Clinicians should therefore view QUIWI as compelling phase II evidence that requires confirmatory validation and integration with molecular profiling strategies to identify patients most likely to benefit.

Clinical implications and next steps

If replicated in a larger confirmatory trial, the QUIWI results could expand the indication of quizartinib (or other potent FLT3 inhibitors) to a broader population of newly diagnosed AML patients who are classified as FLT3‑ITD–negative by conventional assays. Practical implications would include routine consideration of FLT3 pathway inhibition during induction/consolidation and maintenance in selected patients, with standardized cardiac monitoring protocols and molecular correlative testing to refine selection.

Key next steps include:

  • Publication and close review of the full trial report, including hazard ratios, subgroup analyses, and detailed safety data.
  • Correlative genomic and pharmacodynamic analyses to identify molecular predictors of benefit and mechanisms of resistance.
  • Confirmation in larger phase III studies or pooled analyses to corroborate survival benefits and inform guideline updates.
  • Assessment of real‑world feasibility, including ECG monitoring, drug–drug interactions, and implementation of maintenance strategies.

Conclusion

The phase II QUIWI study provides randomized, double‑blind evidence that adding quizartinib 60 mg daily to standard chemotherapy and as maintenance significantly improved event‑free and overall survival in adults 18–70 years with newly diagnosed FLT3‑ITD–negative AML. The results are hypothesis‑generating and clinically important, suggesting that potent FLT3 inhibition may benefit some patients who do not meet conventional definitions of FLT3‑ITD positivity. Confirmation in larger, definitive trials and integration of molecular correlative work are needed before routine adoption. Meanwhile, clinicians should review the full publication for detailed safety data and consider quizartinib within clinical trial frameworks and multidisciplinary decision making.

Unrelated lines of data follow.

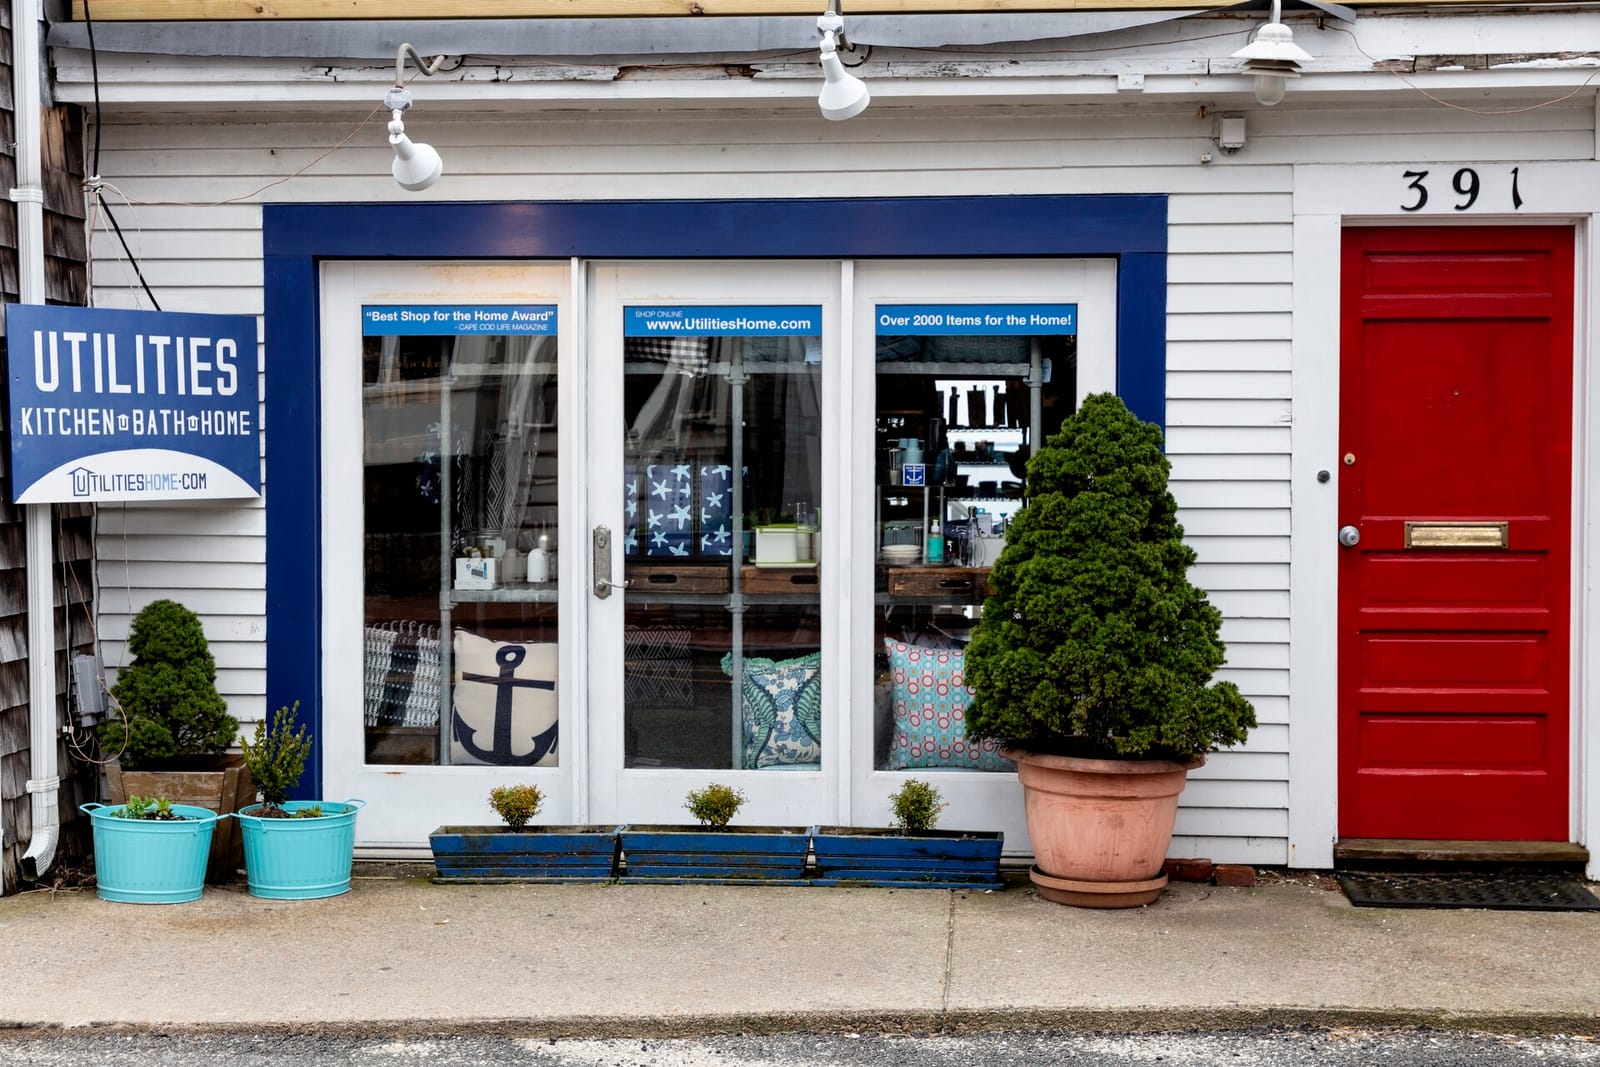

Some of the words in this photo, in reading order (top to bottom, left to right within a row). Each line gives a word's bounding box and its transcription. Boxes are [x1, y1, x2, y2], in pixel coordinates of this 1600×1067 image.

[1400, 167, 1523, 212] 391
[366, 311, 398, 321] “Best
[400, 311, 431, 323] Shop
[433, 311, 450, 321] for
[452, 311, 471, 321] the
[474, 311, 508, 321] Home
[511, 311, 554, 321] Award”
[635, 310, 656, 318] SHOP
[656, 310, 684, 318] ONLINE
[879, 314, 909, 326] Over
[913, 314, 943, 326] 2000
[946, 314, 982, 326] Items
[984, 314, 1002, 326] for
[1006, 314, 1027, 326] the
[1030, 314, 1072, 326] Home!
[458, 323, 478, 331] CAPE
[479, 323, 495, 331] COD
[496, 323, 511, 331] LIFE
[511, 323, 548, 331] MAGAZINE
[646, 318, 811, 330] www.UtilitiesHome.com
[33, 330, 238, 396] UTILITIES
[21, 407, 115, 435] KITCHEN
[132, 408, 186, 435] BATH
[201, 410, 250, 436] HOME
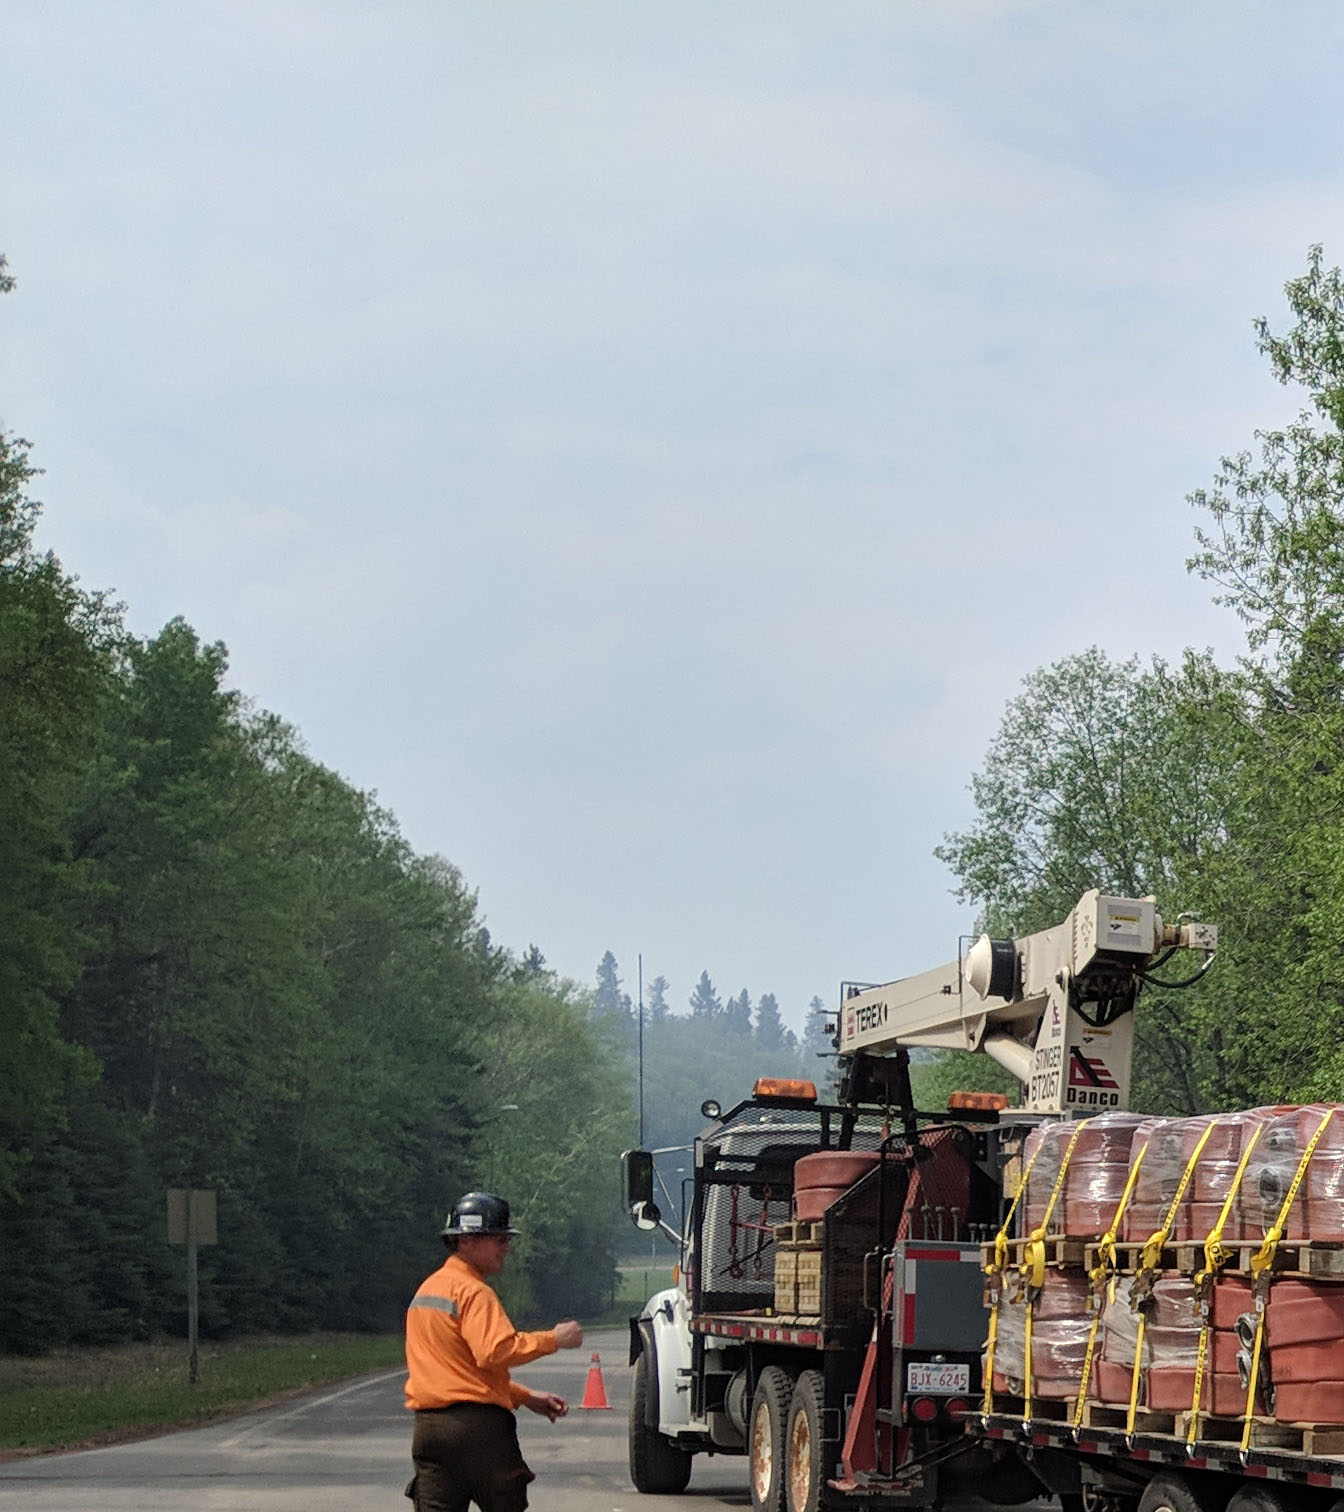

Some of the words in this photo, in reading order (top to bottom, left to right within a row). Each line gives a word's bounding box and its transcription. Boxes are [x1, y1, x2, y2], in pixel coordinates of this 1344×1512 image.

[856, 1001, 883, 1033] TEREX
[1035, 1044, 1062, 1072] STINGER
[1031, 1070, 1060, 1102] BT2057
[1066, 1087, 1119, 1106] Danco

Funding and clinicaltrials.gov

Funding sources and trial registration details are reported in the original J Clin Oncol publication (Montesinos et al., J Clin Oncol. 2025). For full disclosure, consulting the published manuscript is recommended to review sponsor, funding, and clinicaltrials.gov identifier(s).

References

1. Montesinos P, Rodríguez‑Veiga R, Bergua JM, et al.; PETHEMA Group. Quizartinib for Newly Diagnosed FLT3‑Internal Tandem Duplication‑Negative AML: The Randomized, Double‑Blind, Placebo‑Controlled, Phase II QUIWI Study. J Clin Oncol. 2025 Oct 13:JCO2501841. doi: 10.1200/JCO-25-01841. Epub ahead of print. Erratum in: J Clin Oncol. 2025 Dec 1:JCO2502762. doi: 10.1200/JCO-25-02762. PMID: 41082703.

2. Stone RM, Mandrekar SJ, Sanford BL, et al. Midostaurin plus chemotherapy for acute myeloid leukemia with a FLT3 mutation. N Engl J Med. 2017;377(5):454‑464. doi:10.1056/NEJMoa1614359.

3. Döhner H, Estey E, Grimwade D, et al. Diagnosis and management of AML in adults: 2017 ELN recommendations from an international expert panel. Blood. 2017;129(4):424‑447. doi:10.1182/blood-2016-08-733196.